Le franc suisse atteint des niveaux historiques face à l’euro et au dollar, créant une fenêtre d’opportunité pour les vacanciers et les épargnants. À Genève et Lausanne, les petits bureaux de change proposent des taux très compétitifs.
Alors que l’euro se négocie autour de 0,93 franc et que le dollar frôle les 0,79, nombreux sont les Suisses à envisager l’achat de devises étrangères avant les départs estivaux. Ce contexte monétaire avantageux suscite un regain d’intérêt pour les stratégies de change à court terme.
La Tribune de Genève rapporte que les petits bureaux proches des gares genevoise et lausannoise peuvent offrir des taux bien plus favorables que ceux des banques.
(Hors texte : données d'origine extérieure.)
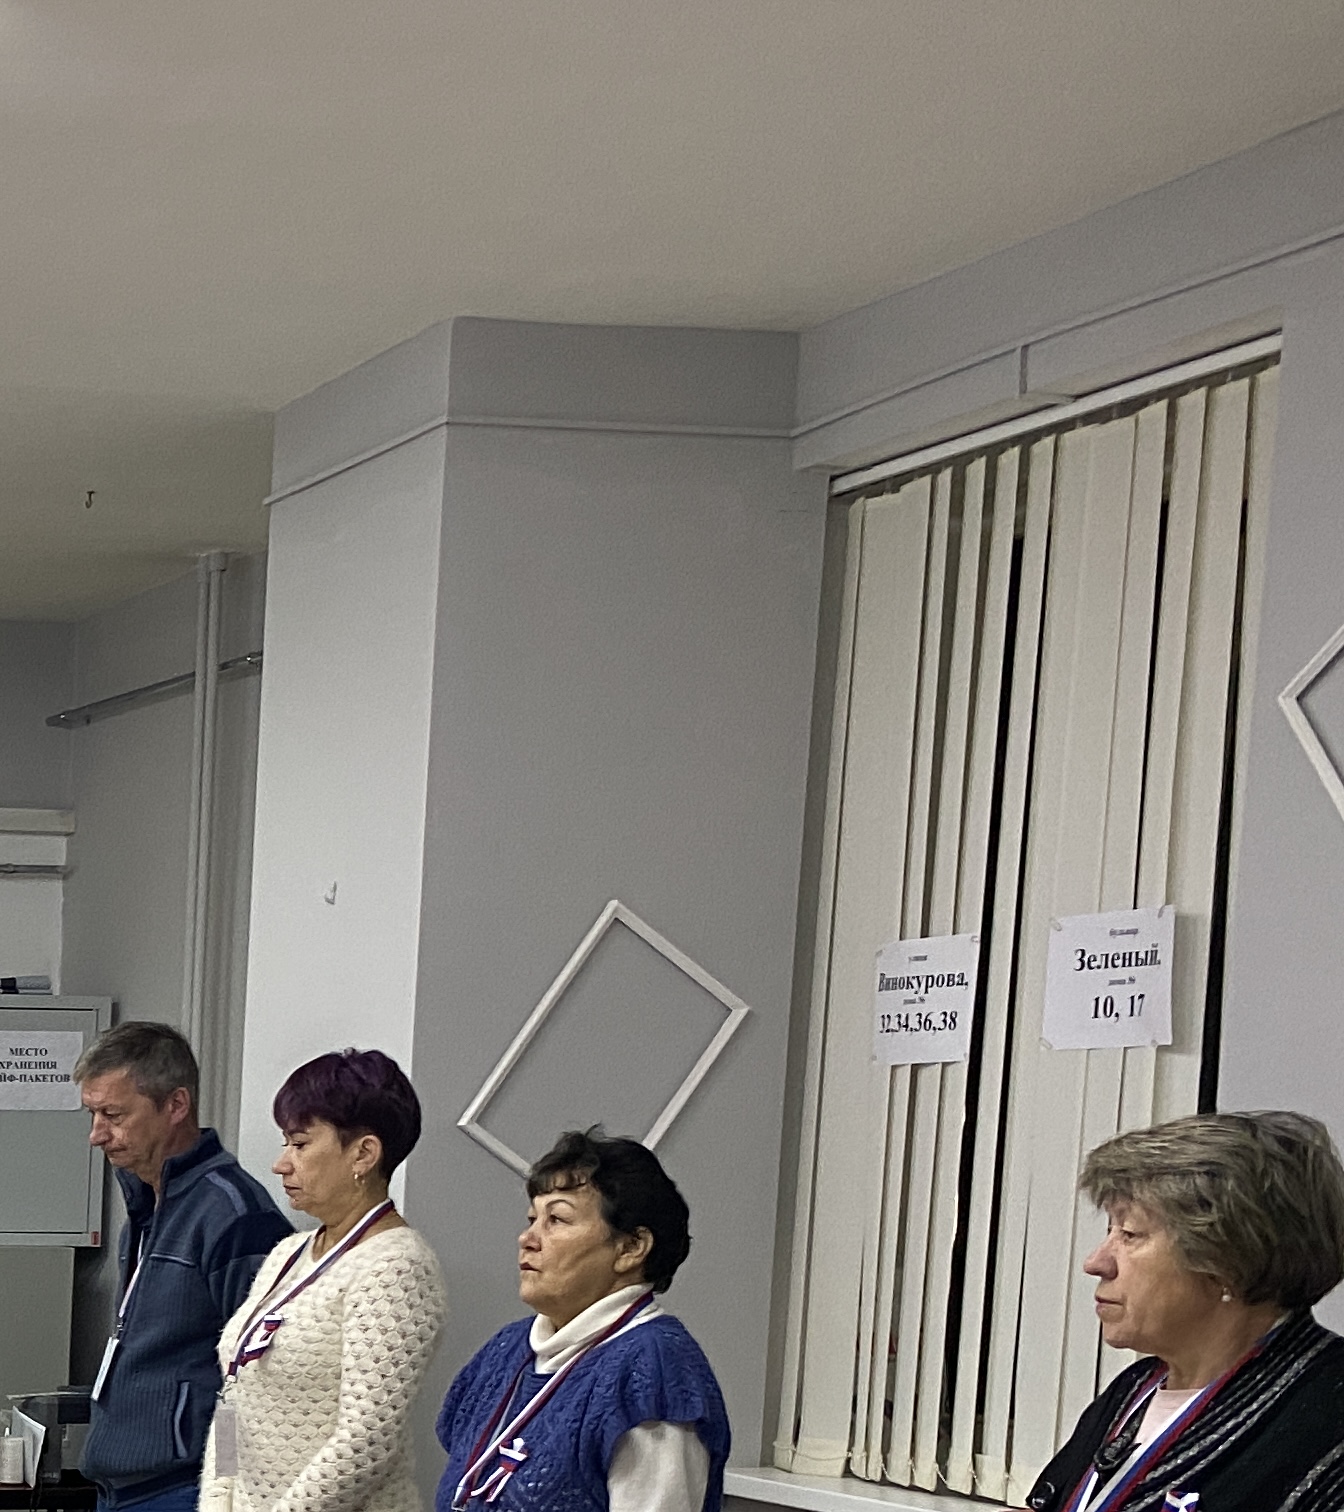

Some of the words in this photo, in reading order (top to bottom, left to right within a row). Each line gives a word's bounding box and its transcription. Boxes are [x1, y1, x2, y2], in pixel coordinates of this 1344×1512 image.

En achetant 1000 euros, certains voyageurs ont déboursé 940 francs contre 966 dans une grande enseigne bancaire.
Les bureaux de change indépendants : une alternative plus avantageuse
Les écarts de taux entre établissements bancaires et bureaux de change indépendants peuvent peser lourd sur un budget vacances. À Genève, un bureau près de Cornavin vendait 1000 euros pour 940 francs, contre 966 francs dans une banque.
Jean-Marc Sabet, fondateur de la plateforme de change b-sharpe, recommande une stratégie d’achat échelonnée : acheter la moitié des devises aujourd’hui, l’autre moitié juste avant le départ. Cette approche vise à se prémunir contre une potentielle remontée du franc.
Pour les transactions, il est conseillé de demander des coupures de 10 et 20 euros, plus faciles à utiliser à l’étranger. Les billets de 50 euros peuvent parfois être refusés ou difficilement échangés dans certaines destinations.
Une conjoncture internationale favorable au franc suisse
La vigueur du franc suisse s’explique par un contexte géopolitique incertain qui renforce son statut de valeur refuge. En France, la motion de censure contre le gouvernement Bayrou et, aux États-Unis, la politique de dépréciation du dollar soutenue par l’administration Trump participent à ce renforcement.
Daniel Varela, directeur des investissements de Piguet Galland, anticipe que l’euro pourrait chuter jusqu’à 0,92 franc, notamment si les tensions commerciales s’intensifient avant la date du 9 juillet. Une situation qui incite certains experts à recommander un achat immédiat des devises pour les départs en juillet.
Alessandro Mauceri, directeur chez Memento, estime que la Banque nationale suisse pourrait intervenir sur les marchés ou baisser encore ses taux pour limiter l’appréciation du franc, facteur de pression sur les exportateurs helvétiques.
Cartes bancaires : éviter les mauvaises surprises
À l’étranger, le choix du mode de paiement peut générer des frais supplémentaires non négligeables. Anton Sussland, financier genevois, conseille de toujours opter pour un paiement en euros et non en francs sur les terminaux à l’étranger pour éviter les taux désavantageux appliqués par les banques locales.
Les cartes de crédit appliquent aussi des frais élevés pour les retraits en espèces. Moneyland.ch rapporte qu’un retrait peut coûter 10 francs fixes ou environ 4 % pour des montants plus élevés. Les cartes de débit, en revanche, sont souvent plus avantageuses, notamment celles proposées par les néobanques comme Revolut, Neon ou Yapeal, qui appliquent peu ou pas de frais.
Mais contrairement aux cartes de crédit, les cartes de débit prélèvent immédiatement les montants sur le compte, ce qui nécessite une gestion rigoureuse du solde disponible en cas de déplacement à l’étranger.